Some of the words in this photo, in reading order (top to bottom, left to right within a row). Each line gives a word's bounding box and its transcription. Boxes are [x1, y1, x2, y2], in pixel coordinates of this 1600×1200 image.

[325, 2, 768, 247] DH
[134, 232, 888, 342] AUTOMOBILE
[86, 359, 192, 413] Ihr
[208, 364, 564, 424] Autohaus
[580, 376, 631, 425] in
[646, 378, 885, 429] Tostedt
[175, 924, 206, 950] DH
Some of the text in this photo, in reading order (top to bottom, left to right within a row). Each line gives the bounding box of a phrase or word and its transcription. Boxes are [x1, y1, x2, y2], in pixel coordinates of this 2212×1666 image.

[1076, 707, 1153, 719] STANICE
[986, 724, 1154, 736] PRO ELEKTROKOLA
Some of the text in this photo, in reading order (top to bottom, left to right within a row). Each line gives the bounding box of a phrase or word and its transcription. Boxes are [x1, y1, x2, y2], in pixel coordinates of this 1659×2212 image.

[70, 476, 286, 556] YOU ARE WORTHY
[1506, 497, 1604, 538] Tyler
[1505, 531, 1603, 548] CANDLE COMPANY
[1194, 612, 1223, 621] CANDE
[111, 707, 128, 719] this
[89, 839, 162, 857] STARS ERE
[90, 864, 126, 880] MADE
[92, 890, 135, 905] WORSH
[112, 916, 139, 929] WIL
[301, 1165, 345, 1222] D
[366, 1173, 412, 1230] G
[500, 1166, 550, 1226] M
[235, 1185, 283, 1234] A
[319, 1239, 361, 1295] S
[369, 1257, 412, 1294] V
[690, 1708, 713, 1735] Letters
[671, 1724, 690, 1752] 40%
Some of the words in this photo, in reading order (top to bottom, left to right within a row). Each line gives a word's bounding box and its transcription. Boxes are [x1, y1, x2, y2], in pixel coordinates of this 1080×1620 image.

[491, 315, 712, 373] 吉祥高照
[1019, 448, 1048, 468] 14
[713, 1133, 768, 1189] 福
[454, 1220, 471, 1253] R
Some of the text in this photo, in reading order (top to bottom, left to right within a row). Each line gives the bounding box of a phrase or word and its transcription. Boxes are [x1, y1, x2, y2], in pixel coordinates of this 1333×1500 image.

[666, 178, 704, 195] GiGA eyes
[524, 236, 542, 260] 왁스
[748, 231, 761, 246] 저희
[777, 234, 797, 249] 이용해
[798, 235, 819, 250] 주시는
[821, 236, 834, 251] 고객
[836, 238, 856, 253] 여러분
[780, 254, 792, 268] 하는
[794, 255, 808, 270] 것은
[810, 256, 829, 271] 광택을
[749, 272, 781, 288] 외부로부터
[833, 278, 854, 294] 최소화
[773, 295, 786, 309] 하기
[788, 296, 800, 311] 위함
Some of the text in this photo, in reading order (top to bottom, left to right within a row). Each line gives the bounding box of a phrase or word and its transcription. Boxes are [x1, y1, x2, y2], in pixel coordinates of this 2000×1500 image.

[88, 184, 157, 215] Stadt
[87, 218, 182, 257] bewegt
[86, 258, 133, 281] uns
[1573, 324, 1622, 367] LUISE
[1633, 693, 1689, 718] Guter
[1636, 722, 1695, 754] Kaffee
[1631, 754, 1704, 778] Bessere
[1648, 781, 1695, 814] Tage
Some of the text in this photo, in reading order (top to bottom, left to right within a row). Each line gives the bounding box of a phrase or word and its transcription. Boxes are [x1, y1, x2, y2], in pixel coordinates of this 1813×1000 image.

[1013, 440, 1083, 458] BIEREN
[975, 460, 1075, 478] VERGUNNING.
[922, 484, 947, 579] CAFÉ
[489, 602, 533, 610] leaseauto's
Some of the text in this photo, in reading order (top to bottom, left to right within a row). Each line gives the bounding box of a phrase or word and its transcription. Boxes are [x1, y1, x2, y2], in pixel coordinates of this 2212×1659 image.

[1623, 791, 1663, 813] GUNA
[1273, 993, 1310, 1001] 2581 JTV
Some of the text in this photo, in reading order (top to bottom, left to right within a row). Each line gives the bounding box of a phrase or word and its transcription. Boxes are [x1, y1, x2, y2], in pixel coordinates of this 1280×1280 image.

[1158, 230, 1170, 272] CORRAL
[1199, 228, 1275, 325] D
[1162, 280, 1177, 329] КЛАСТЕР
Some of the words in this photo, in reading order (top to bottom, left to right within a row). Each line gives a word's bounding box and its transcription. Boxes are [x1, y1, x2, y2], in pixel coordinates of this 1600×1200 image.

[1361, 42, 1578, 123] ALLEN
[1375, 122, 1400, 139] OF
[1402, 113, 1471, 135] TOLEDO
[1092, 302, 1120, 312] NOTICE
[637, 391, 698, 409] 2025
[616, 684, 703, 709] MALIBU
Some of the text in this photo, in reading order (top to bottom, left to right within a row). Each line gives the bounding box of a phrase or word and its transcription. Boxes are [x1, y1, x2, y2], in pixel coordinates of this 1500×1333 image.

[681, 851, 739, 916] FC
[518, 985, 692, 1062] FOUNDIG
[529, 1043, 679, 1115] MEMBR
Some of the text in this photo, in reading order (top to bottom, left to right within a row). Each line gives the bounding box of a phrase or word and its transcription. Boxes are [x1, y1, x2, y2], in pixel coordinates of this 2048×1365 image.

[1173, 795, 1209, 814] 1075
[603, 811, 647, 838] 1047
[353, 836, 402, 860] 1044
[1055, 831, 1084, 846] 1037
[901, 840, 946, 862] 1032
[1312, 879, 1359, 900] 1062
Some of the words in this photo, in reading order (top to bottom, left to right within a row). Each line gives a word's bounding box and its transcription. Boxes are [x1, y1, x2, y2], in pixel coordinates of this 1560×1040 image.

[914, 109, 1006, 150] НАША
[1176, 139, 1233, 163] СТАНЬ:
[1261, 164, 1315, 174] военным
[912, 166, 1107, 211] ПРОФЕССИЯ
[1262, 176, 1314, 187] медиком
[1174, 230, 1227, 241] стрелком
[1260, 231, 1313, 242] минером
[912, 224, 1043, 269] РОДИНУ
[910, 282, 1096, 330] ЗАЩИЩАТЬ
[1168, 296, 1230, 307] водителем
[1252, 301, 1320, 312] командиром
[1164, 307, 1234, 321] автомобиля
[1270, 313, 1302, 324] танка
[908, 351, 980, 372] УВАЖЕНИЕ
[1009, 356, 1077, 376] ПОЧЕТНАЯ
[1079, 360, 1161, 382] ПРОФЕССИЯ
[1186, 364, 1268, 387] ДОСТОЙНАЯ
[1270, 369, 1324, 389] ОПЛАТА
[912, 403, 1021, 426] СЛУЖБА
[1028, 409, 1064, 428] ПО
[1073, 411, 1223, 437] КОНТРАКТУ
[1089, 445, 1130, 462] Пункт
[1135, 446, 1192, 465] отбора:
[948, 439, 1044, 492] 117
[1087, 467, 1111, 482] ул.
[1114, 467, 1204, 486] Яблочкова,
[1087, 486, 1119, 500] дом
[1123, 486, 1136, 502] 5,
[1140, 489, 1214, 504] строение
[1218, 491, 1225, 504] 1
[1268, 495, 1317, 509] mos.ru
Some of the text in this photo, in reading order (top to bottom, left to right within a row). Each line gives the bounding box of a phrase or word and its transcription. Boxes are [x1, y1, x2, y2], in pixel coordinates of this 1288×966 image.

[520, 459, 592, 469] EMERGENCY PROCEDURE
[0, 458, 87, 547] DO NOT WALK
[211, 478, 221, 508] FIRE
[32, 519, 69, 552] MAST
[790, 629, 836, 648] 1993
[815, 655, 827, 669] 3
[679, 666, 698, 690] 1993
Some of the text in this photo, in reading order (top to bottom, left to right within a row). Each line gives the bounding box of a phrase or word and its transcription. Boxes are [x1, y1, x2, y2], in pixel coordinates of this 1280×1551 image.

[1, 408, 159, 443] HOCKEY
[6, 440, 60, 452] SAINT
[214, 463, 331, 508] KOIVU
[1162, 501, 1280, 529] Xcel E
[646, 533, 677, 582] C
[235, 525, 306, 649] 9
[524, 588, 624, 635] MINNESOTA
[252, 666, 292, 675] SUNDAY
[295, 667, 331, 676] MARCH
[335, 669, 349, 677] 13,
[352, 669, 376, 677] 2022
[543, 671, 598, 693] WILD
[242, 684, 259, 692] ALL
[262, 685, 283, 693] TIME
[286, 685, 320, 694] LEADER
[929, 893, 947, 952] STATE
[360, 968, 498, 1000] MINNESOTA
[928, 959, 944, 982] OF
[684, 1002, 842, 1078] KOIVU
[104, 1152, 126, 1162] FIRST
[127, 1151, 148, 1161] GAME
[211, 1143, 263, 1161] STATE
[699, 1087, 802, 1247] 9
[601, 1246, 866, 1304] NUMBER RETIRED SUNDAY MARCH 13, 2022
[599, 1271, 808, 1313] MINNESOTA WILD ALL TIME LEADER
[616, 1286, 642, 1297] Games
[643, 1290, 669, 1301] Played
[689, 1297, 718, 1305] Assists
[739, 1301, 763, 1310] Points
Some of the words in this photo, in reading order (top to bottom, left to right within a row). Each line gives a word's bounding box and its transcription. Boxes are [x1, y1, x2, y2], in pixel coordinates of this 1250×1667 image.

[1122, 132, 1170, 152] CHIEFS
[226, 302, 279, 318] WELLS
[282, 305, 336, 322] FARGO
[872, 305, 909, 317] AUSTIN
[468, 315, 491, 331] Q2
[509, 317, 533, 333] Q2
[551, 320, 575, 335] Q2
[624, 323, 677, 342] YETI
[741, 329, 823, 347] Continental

--

** EXERCISE PROMPT **
Reproduce the final stretch of the data above: every line from the one holding "this 1250×1667 image." through the end, inclusive, exactly as written and nothing else.

** SOLUTION TO THIS TASK **
Some of the words in this photo, in reading order (top to bottom, left to right within a row). Each line gives a word's bounding box and its transcription. Boxes are [x1, y1, x2, y2], in pixel coordinates of this 1250×1667 image.

[1122, 132, 1170, 152] CHIEFS
[226, 302, 279, 318] WELLS
[282, 305, 336, 322] FARGO
[872, 305, 909, 317] AUSTIN
[468, 315, 491, 331] Q2
[509, 317, 533, 333] Q2
[551, 320, 575, 335] Q2
[624, 323, 677, 342] YETI
[741, 329, 823, 347] Continental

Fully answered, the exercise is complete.